• Instructions to follow: Ignoring the images, restate the records below word for word.

*** Data listing ***

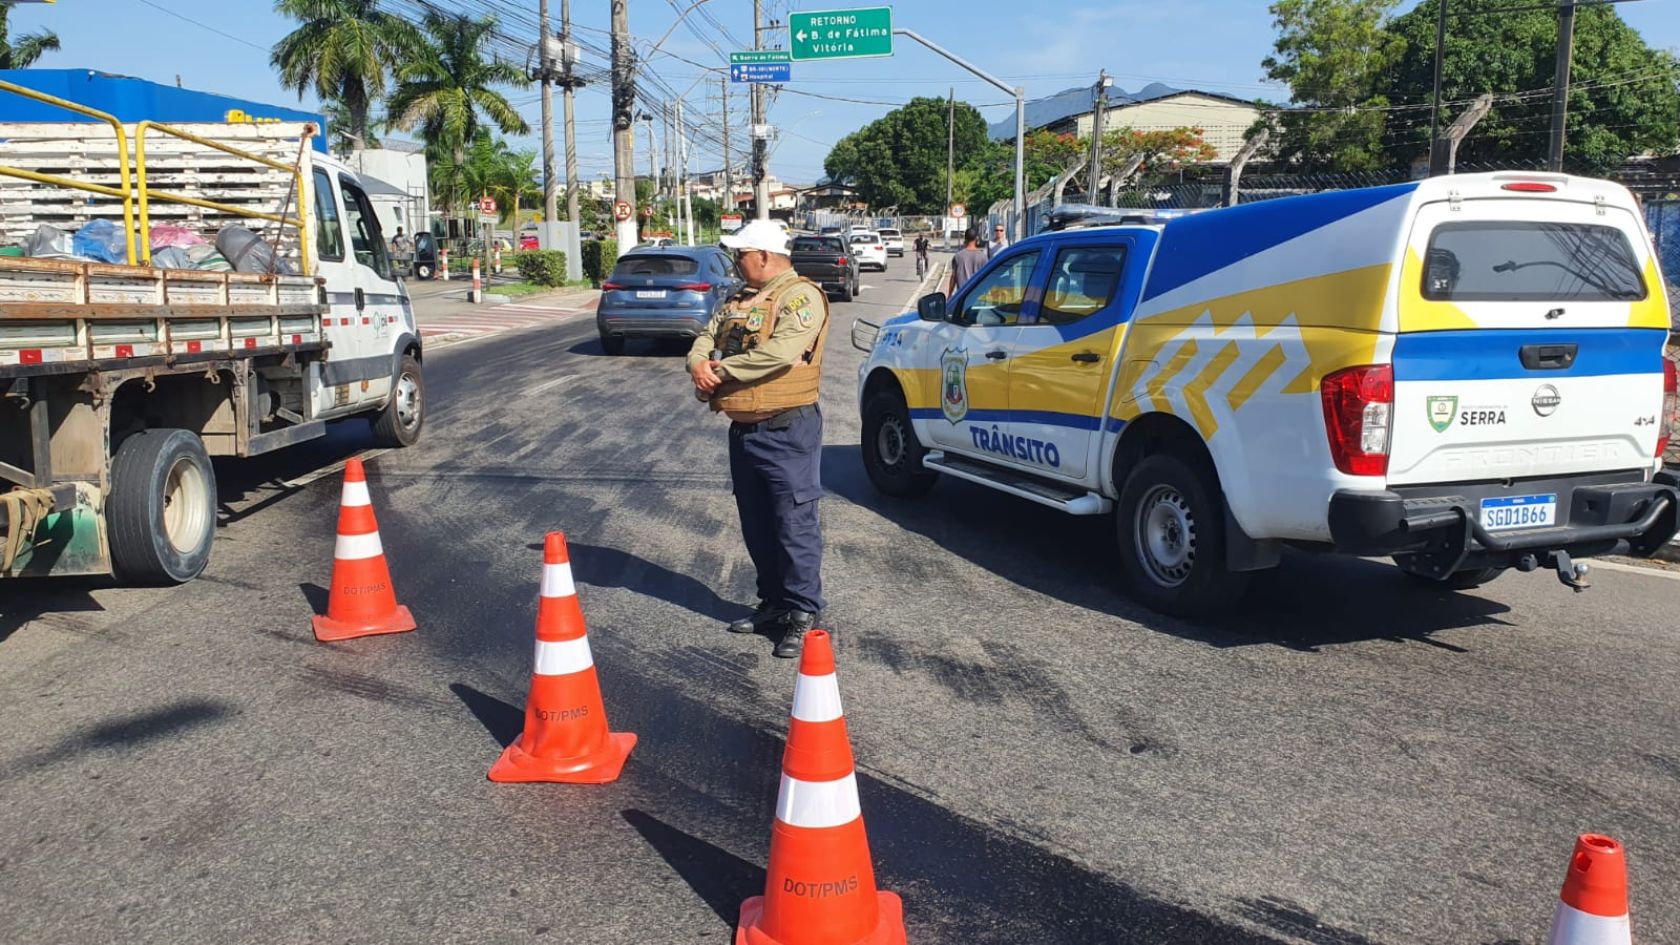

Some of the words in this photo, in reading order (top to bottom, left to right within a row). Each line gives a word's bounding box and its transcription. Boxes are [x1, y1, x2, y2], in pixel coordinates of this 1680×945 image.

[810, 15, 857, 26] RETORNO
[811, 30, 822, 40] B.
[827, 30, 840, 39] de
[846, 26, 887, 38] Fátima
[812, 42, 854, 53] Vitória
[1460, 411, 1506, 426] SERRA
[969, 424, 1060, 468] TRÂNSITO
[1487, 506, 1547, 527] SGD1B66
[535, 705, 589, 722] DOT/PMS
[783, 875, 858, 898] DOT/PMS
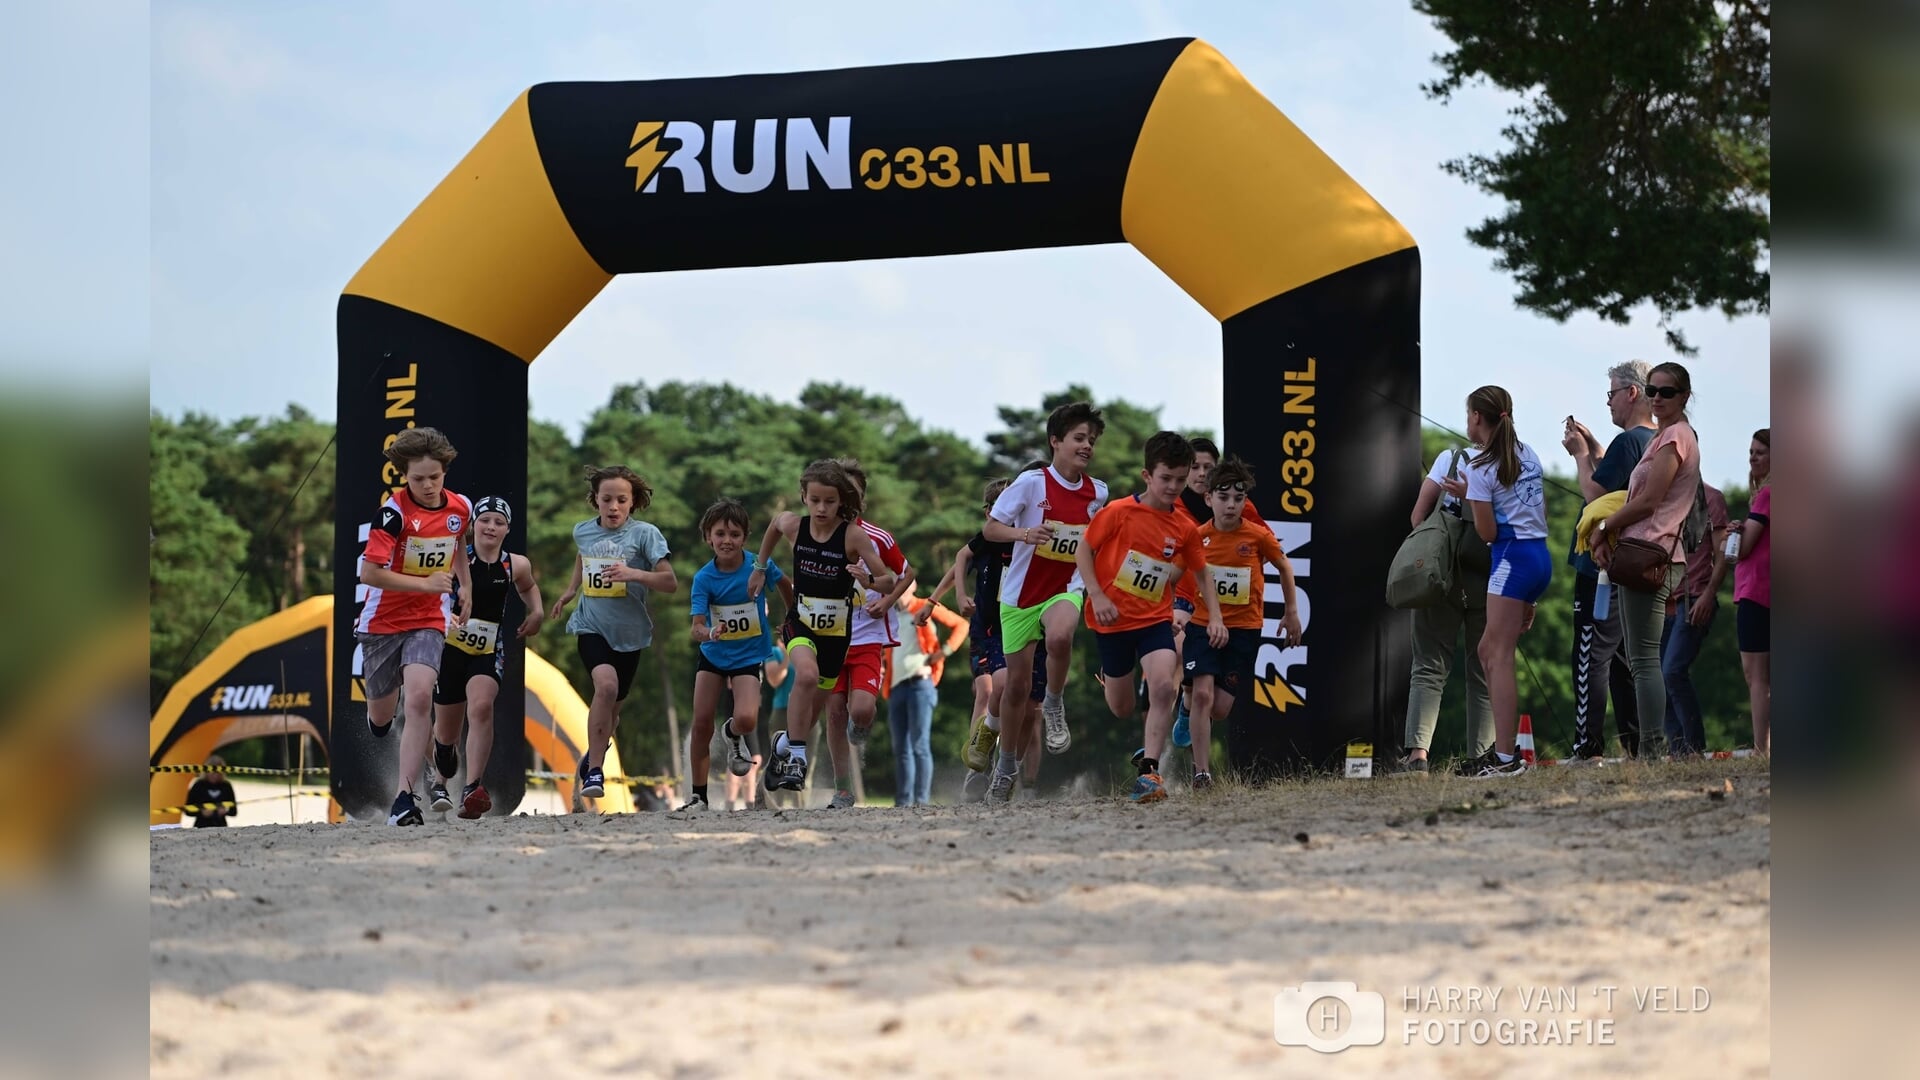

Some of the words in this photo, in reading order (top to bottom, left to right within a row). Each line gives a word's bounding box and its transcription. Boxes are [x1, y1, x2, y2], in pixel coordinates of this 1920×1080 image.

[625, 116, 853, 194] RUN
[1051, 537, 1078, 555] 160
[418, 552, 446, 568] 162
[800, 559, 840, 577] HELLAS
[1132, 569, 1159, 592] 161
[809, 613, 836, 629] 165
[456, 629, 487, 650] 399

*** End of Data listing ***

• Written answer:
Some of the words in this photo, in reading order (top to bottom, left to right within a row). Each line gives a word's bounding box and its transcription. Boxes are [x1, y1, x2, y2], in pixel coordinates of this 1680×945 image.

[810, 15, 857, 26] RETORNO
[811, 30, 822, 40] B.
[827, 30, 840, 39] de
[846, 26, 887, 38] Fátima
[812, 42, 854, 53] Vitória
[1460, 411, 1506, 426] SERRA
[969, 424, 1060, 468] TRÂNSITO
[1487, 506, 1547, 527] SGD1B66
[535, 705, 589, 722] DOT/PMS
[783, 875, 858, 898] DOT/PMS

Some of the words in this photo, in reading order (top to bottom, left to right within a row). Each line gives a word's bounding box and its transcription. Boxes are [x1, y1, x2, y2], in pixel coordinates of this 1920×1080 image.

[625, 116, 853, 194] RUN
[1051, 537, 1078, 555] 160
[418, 552, 446, 568] 162
[800, 559, 840, 577] HELLAS
[1132, 569, 1159, 592] 161
[809, 613, 836, 629] 165
[456, 629, 487, 650] 399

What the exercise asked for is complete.